Information given:
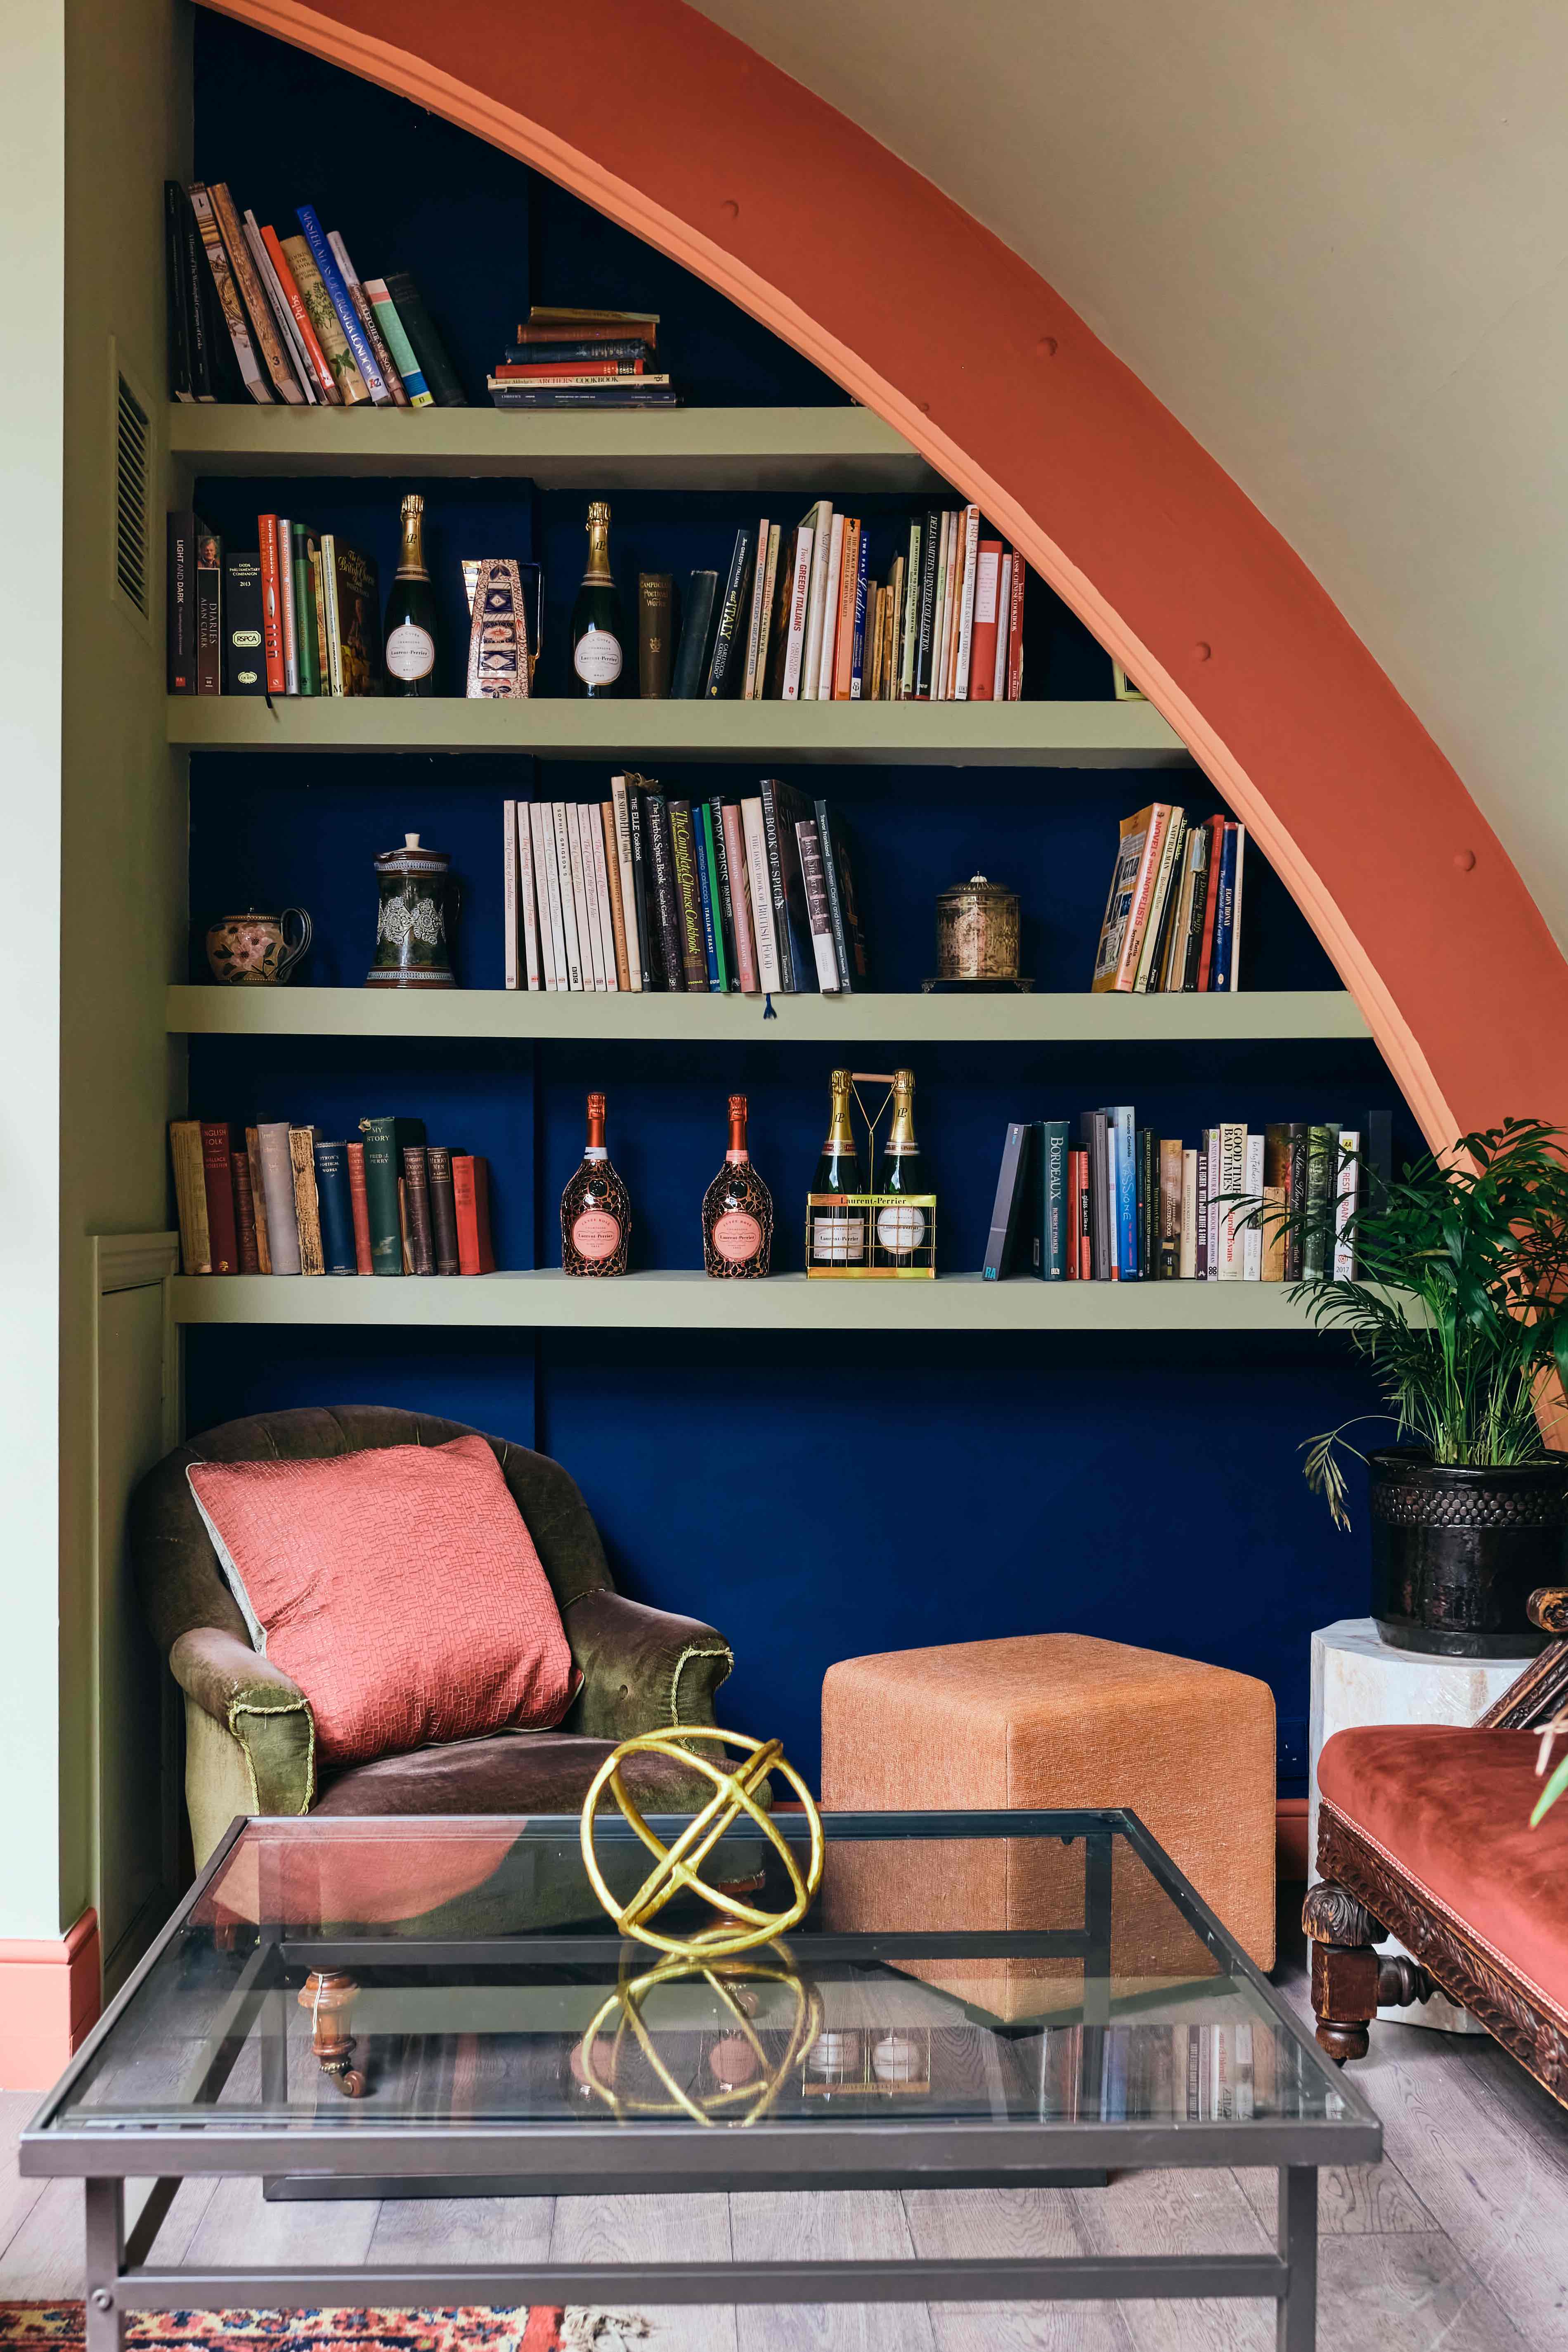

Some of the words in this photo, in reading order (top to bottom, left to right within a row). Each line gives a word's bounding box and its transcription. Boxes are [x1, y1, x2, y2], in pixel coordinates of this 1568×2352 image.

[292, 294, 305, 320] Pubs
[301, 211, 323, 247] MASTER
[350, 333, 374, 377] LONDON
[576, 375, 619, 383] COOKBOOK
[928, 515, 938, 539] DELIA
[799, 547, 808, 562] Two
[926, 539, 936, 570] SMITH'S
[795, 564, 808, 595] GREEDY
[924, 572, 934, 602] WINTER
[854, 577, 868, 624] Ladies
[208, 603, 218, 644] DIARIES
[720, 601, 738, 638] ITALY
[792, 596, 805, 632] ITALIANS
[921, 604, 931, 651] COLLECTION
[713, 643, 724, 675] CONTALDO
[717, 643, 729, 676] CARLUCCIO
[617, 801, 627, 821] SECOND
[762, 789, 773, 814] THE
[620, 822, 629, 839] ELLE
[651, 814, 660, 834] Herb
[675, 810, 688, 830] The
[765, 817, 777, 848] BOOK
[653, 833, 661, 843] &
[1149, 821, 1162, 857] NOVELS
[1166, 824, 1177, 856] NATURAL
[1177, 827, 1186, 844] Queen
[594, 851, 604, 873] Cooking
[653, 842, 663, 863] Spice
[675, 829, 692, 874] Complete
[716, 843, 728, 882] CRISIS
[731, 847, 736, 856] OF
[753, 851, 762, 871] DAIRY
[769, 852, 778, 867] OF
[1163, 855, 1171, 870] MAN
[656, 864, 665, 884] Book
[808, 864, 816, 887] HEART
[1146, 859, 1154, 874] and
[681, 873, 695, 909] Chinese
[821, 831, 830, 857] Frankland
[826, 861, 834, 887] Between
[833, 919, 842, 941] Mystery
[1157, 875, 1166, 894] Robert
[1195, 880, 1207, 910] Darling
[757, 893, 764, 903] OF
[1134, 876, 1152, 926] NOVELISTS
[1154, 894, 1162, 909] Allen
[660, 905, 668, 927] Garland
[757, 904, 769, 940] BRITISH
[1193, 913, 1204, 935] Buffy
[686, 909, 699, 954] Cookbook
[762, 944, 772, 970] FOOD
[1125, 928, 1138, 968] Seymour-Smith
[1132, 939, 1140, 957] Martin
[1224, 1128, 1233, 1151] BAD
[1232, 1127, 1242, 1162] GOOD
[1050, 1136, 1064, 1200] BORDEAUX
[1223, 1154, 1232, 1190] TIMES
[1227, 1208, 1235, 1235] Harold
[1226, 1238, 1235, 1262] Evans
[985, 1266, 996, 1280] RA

Exercise:
For the data above, return an exact copy that contains no pictures.

Solution:
Some of the words in this photo, in reading order (top to bottom, left to right within a row). Each line gives a word's bounding box and its transcription. Boxes are [x1, y1, x2, y2], in pixel coordinates of this 1568×2352 image.

[292, 294, 305, 320] Pubs
[301, 211, 323, 247] MASTER
[350, 333, 374, 377] LONDON
[576, 375, 619, 383] COOKBOOK
[928, 515, 938, 539] DELIA
[799, 547, 808, 562] Two
[926, 539, 936, 570] SMITH'S
[795, 564, 808, 595] GREEDY
[924, 572, 934, 602] WINTER
[854, 577, 868, 624] Ladies
[208, 603, 218, 644] DIARIES
[720, 601, 738, 638] ITALY
[792, 596, 805, 632] ITALIANS
[921, 604, 931, 651] COLLECTION
[713, 643, 724, 675] CONTALDO
[717, 643, 729, 676] CARLUCCIO
[617, 801, 627, 821] SECOND
[762, 789, 773, 814] THE
[620, 822, 629, 839] ELLE
[651, 814, 660, 834] Herb
[675, 810, 688, 830] The
[765, 817, 777, 848] BOOK
[653, 833, 661, 843] &
[1149, 821, 1162, 857] NOVELS
[1166, 824, 1177, 856] NATURAL
[1177, 827, 1186, 844] Queen
[594, 851, 604, 873] Cooking
[653, 842, 663, 863] Spice
[675, 829, 692, 874] Complete
[716, 843, 728, 882] CRISIS
[731, 847, 736, 856] OF
[753, 851, 762, 871] DAIRY
[769, 852, 778, 867] OF
[1163, 855, 1171, 870] MAN
[656, 864, 665, 884] Book
[808, 864, 816, 887] HEART
[1146, 859, 1154, 874] and
[681, 873, 695, 909] Chinese
[821, 831, 830, 857] Frankland
[826, 861, 834, 887] Between
[833, 919, 842, 941] Mystery
[1157, 875, 1166, 894] Robert
[1195, 880, 1207, 910] Darling
[757, 893, 764, 903] OF
[1134, 876, 1152, 926] NOVELISTS
[1154, 894, 1162, 909] Allen
[660, 905, 668, 927] Garland
[757, 904, 769, 940] BRITISH
[1193, 913, 1204, 935] Buffy
[686, 909, 699, 954] Cookbook
[762, 944, 772, 970] FOOD
[1125, 928, 1138, 968] Seymour-Smith
[1132, 939, 1140, 957] Martin
[1224, 1128, 1233, 1151] BAD
[1232, 1127, 1242, 1162] GOOD
[1050, 1136, 1064, 1200] BORDEAUX
[1223, 1154, 1232, 1190] TIMES
[1227, 1208, 1235, 1235] Harold
[1226, 1238, 1235, 1262] Evans
[985, 1266, 996, 1280] RA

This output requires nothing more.